Beijing: Doctors in China’s Chongqing municipality have successfully replaced a section of a female cancer patient’s forehead with a 3D-printed part.
The patient who is in her early 20s has had recurrent tumours for over 16 years, and has kept her hair long at the front to cover the growths, Xinhua news agency reported.
“I have had bangs for over a decade, finally I can grow my hair out and not be paranoid about my tumours,” she explained.
When her tumours first began to show, around 16 years ago, the patient had them removed but they returned and grew back larger than before.
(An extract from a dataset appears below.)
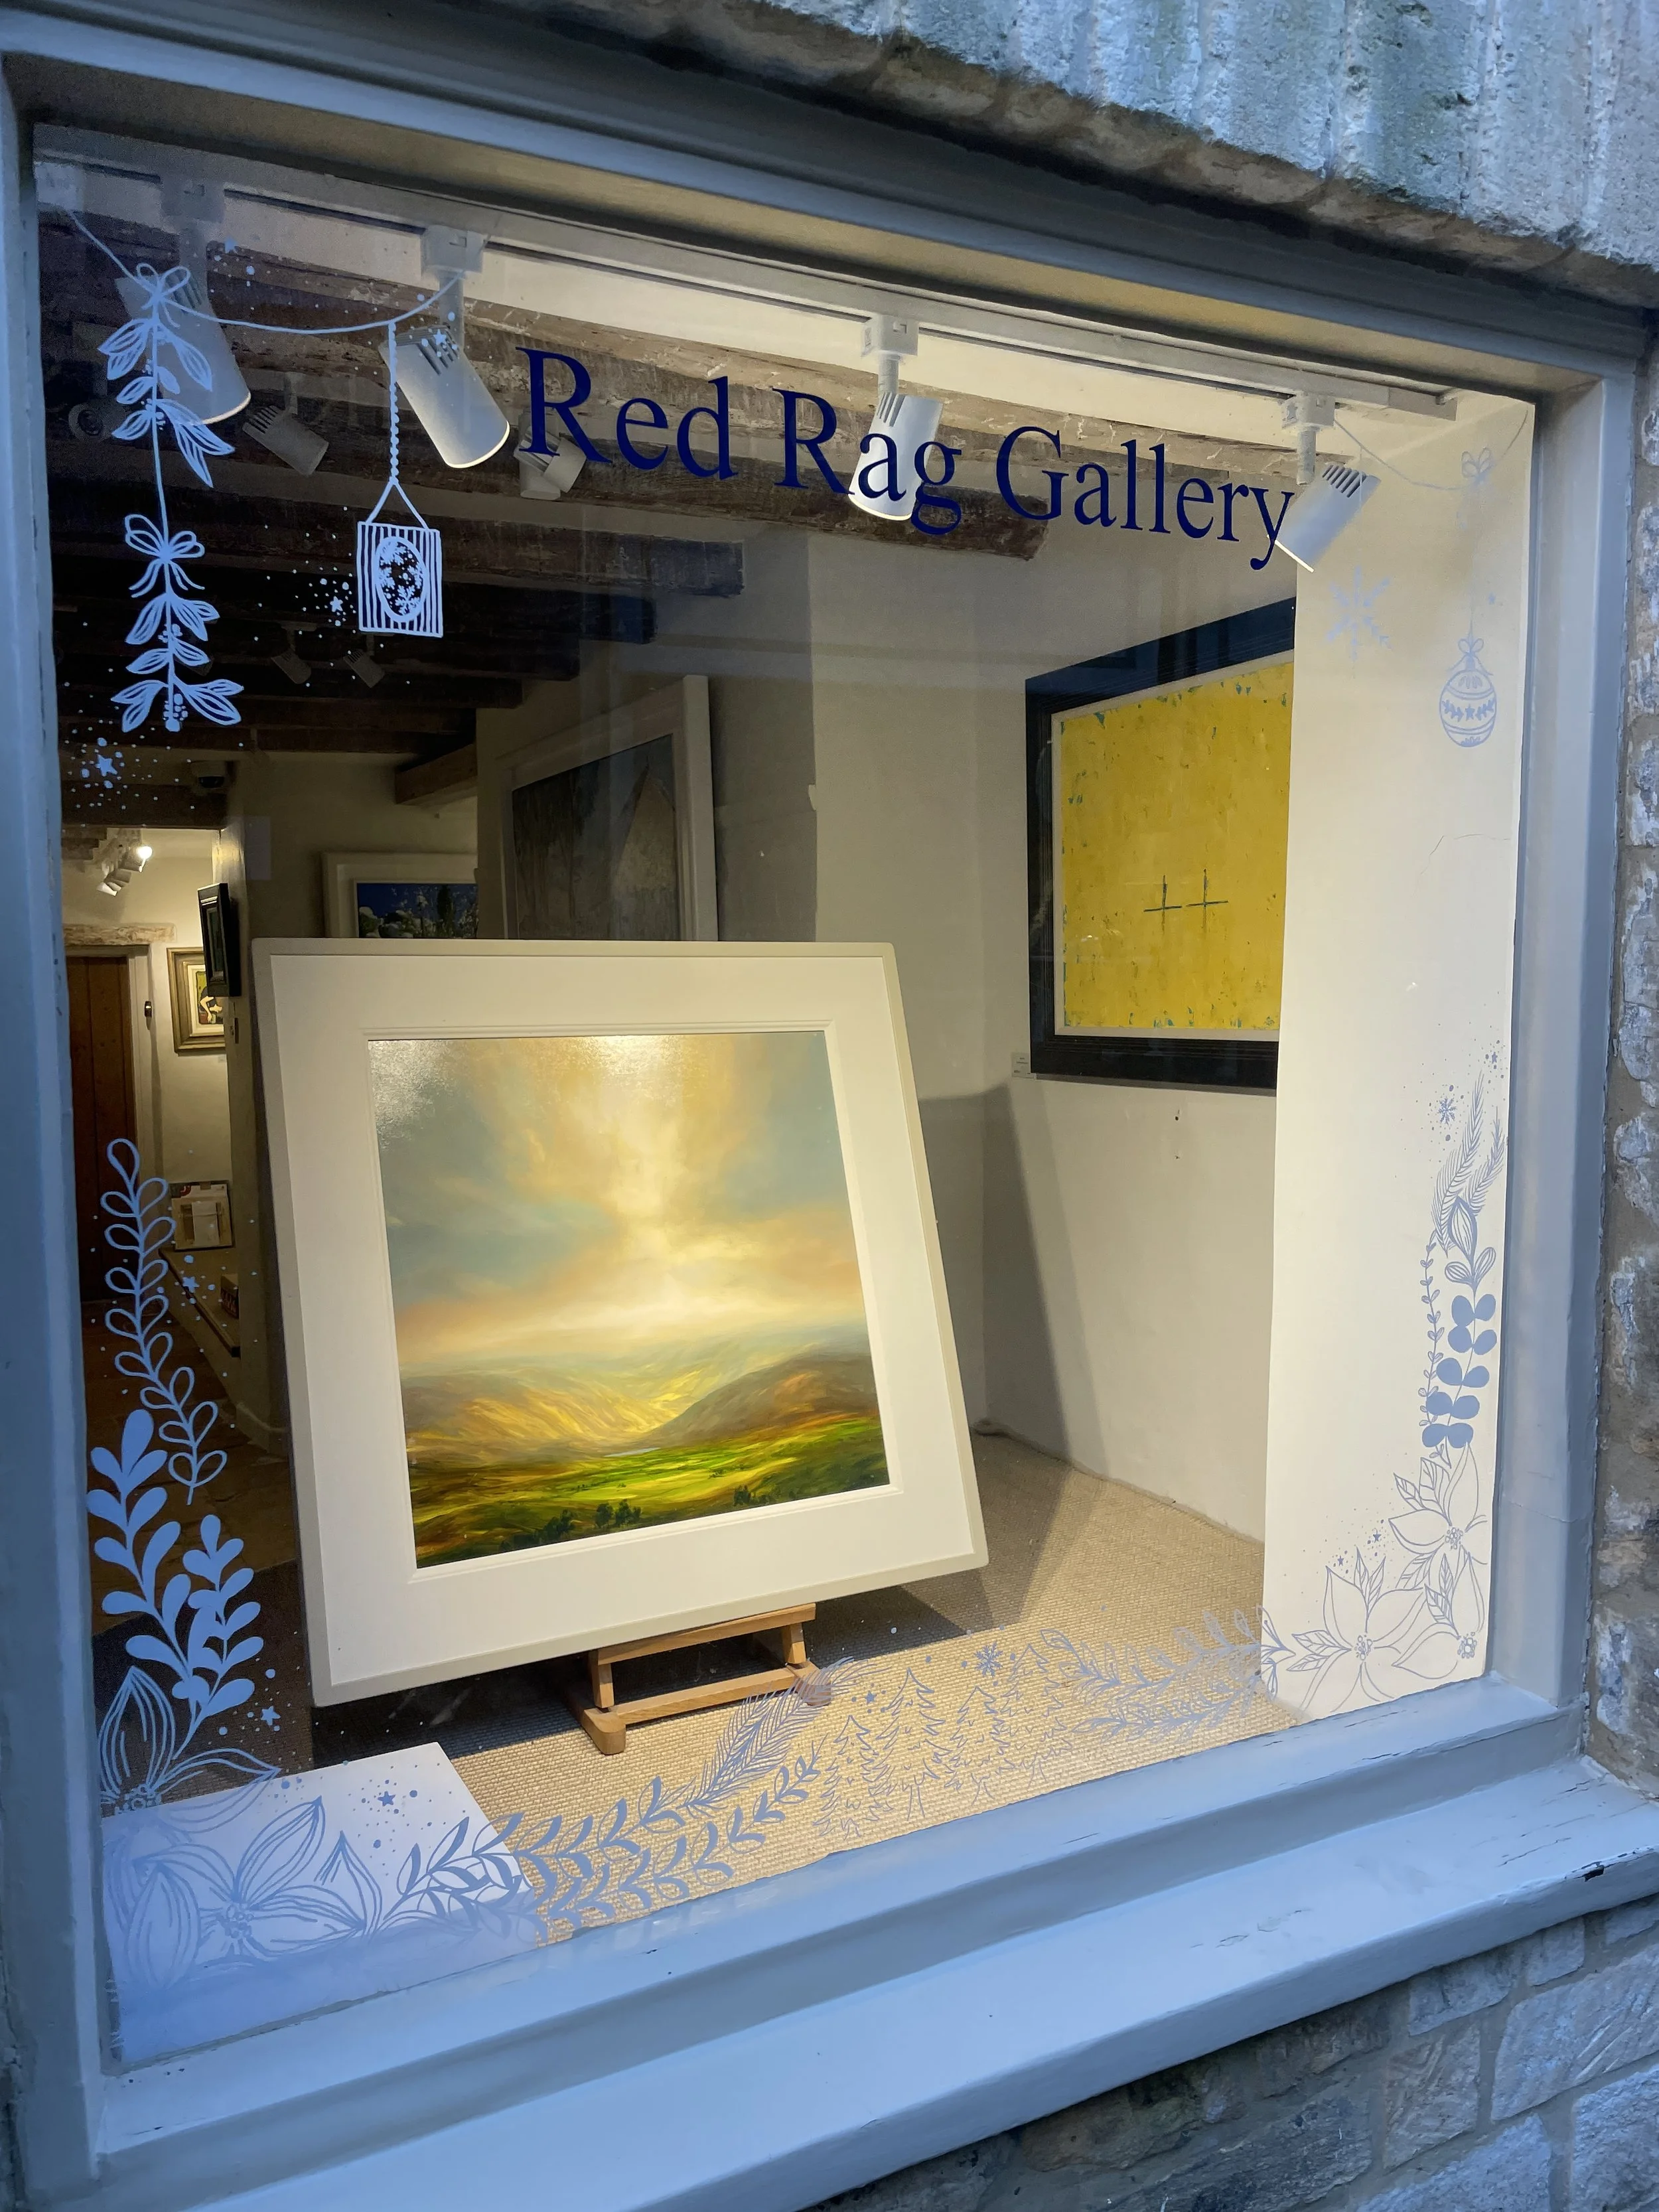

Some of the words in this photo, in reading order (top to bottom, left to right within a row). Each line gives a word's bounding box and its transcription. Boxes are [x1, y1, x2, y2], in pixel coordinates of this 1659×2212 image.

Despite multiple operations over the years, the tumours kept returning.
The tumours were eventually identified as benign, but due to their location they put pressure against her right eye socket, meaning if they were not removed they would likely impair her vision and limit her motor skills. Doctors agreed that a complete excision was the only suitable procedure.
Moreover, due to the location of her tumours the operation would disfigure her face and the damage would be almost impossible to repair by traditional plastic surgery.
After discussion, a 3D-printed bone replica procedure was agreed as the best operation.
She underwent a high-precision CT scan so that doctors could create a 3D reconstruction of her skull and print a 1:1 replica of the bone part, with a precision of 20 microns.
The replica piece was then implanted and fixed in place with titanium screws. The operation, which was conducted earlier this month, was a success and she was discharged from hospital a week after going under the knife.